Don’t have time to dig into this too much right now, but wanted to start this topic to let people know.
I have a user account on one system that had membership in multiple groups (all of them in fact).
For this particular system, (Administrators, Accounting, Clinicians, Data Clerk, Front Office, Physicians and Test.)
However, acl check seems to be incorrectly fail in some cases. (Expected behavior with membership in all groups ought to be access to anything/everything.) In this particular example, the Procedures/Labs module is unavailable.
Removing membership from all but Administrators provides the needed access.
I suspect that some of the ACL issues people have reported may be related to this same problem.
The issue I am describing is with existing levels of control.
To clarify further. This call in interface/orders/list_reports.php
$thisauth = acl_check(‘patients’, ‘med’);
returns false if the user belongs to two groups “Data Clerk” with permissions for Medical/History (write,addonly optional)
and
Administrator rights (which should cover everything…)
Administrator rights might sound all mighty, but to review Procedures and finalize Procedures only the Physician can handle this in the Demos of OpenEMR. It was just by accident I found this solution.
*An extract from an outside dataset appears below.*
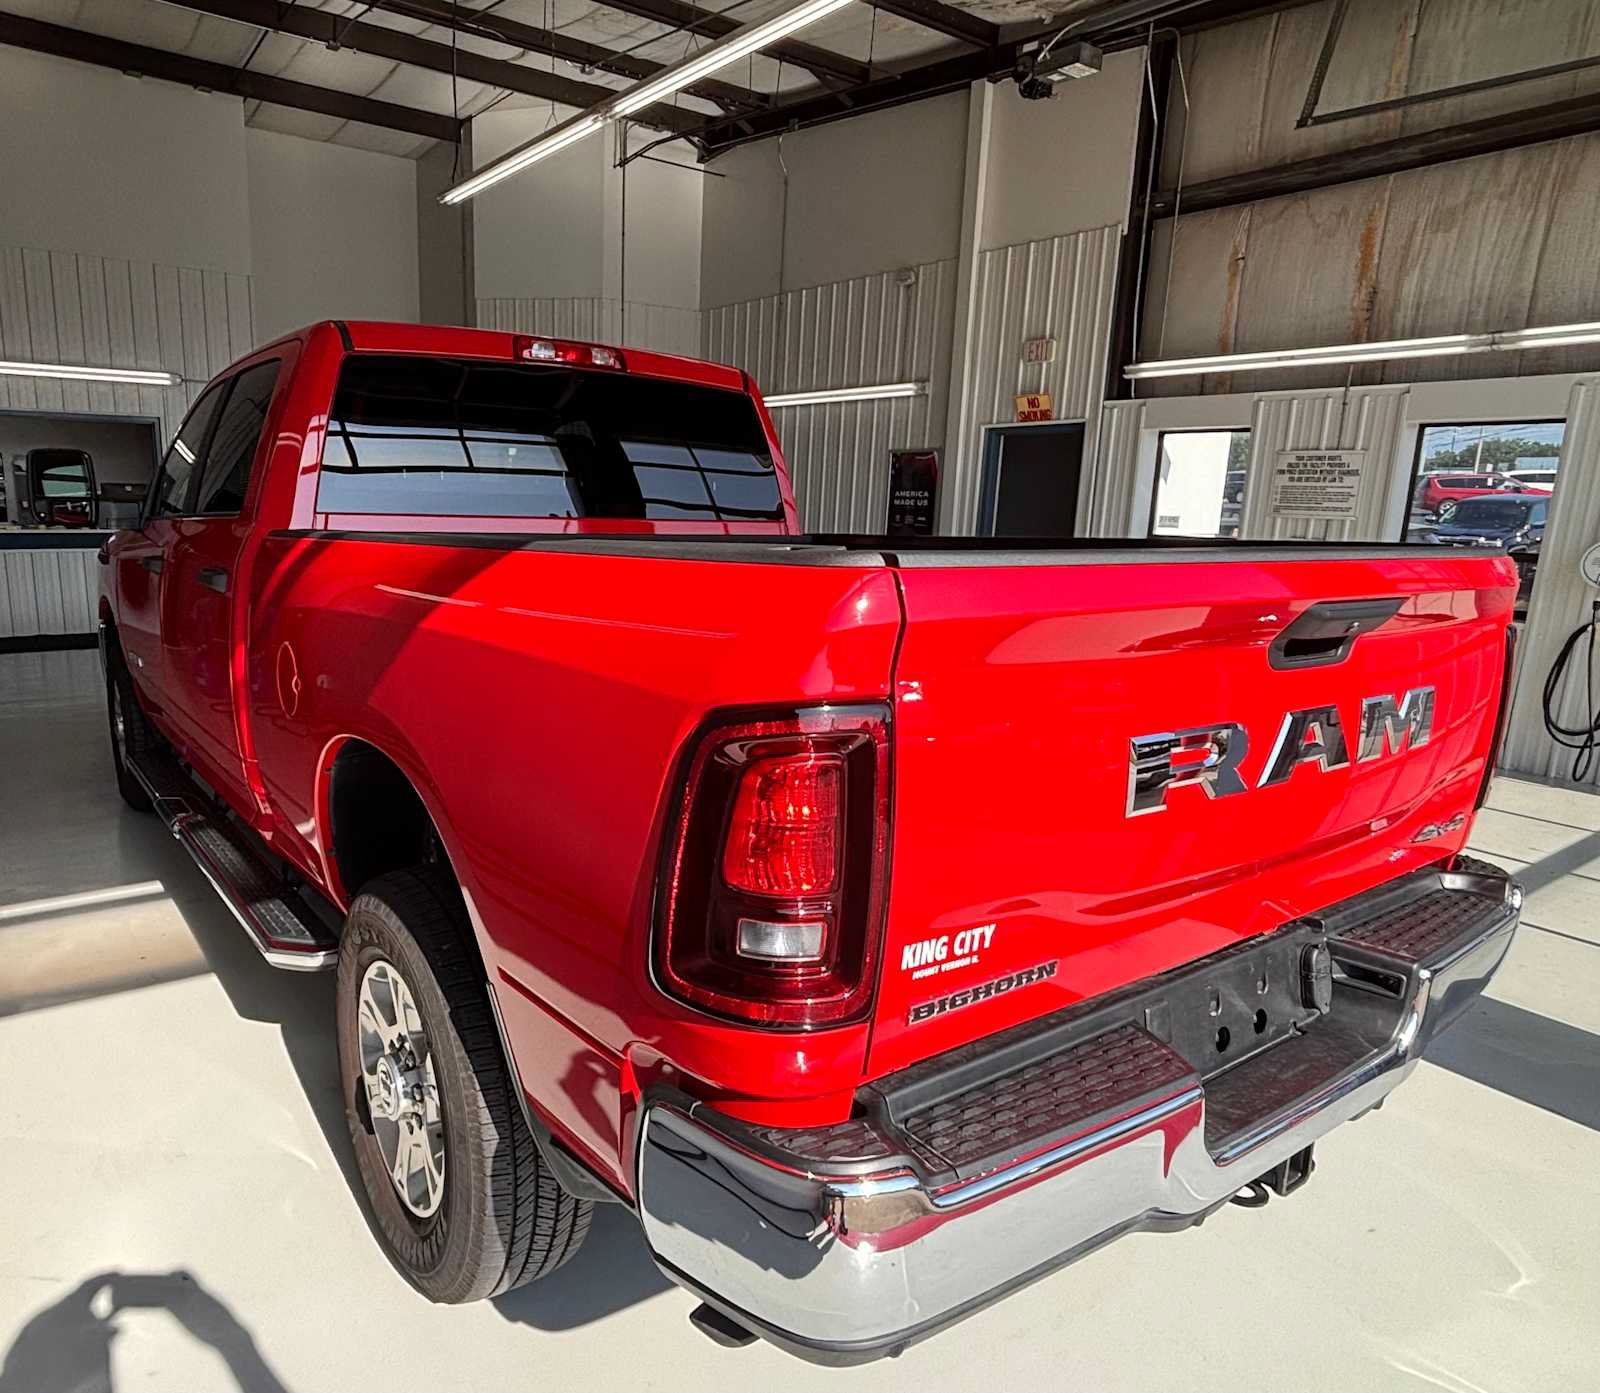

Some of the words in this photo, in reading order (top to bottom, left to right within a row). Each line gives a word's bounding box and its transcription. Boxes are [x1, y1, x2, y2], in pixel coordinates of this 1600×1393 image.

This happened about a month ago, so it might have been corrected.
ACL is full of mysteries, but the tutorial/manual seems to do a good job, but you need to understand the different options of what is allowed and what is denied.
Somewhere hidden in the deep there are the options to give WRITE, READ adn VIEW options.
Have you confirmed this on a new install? Note that if users unknowingly mess around with the Advanced ACL screen, some odd things can happen (there is a lot of flexibility that allows turning on/off specific aco’s, even per user).
As an aside,
One way to avoid this is to never use the the ACL to decline access and only use it to allow access (ie. treat them like keys that open doors).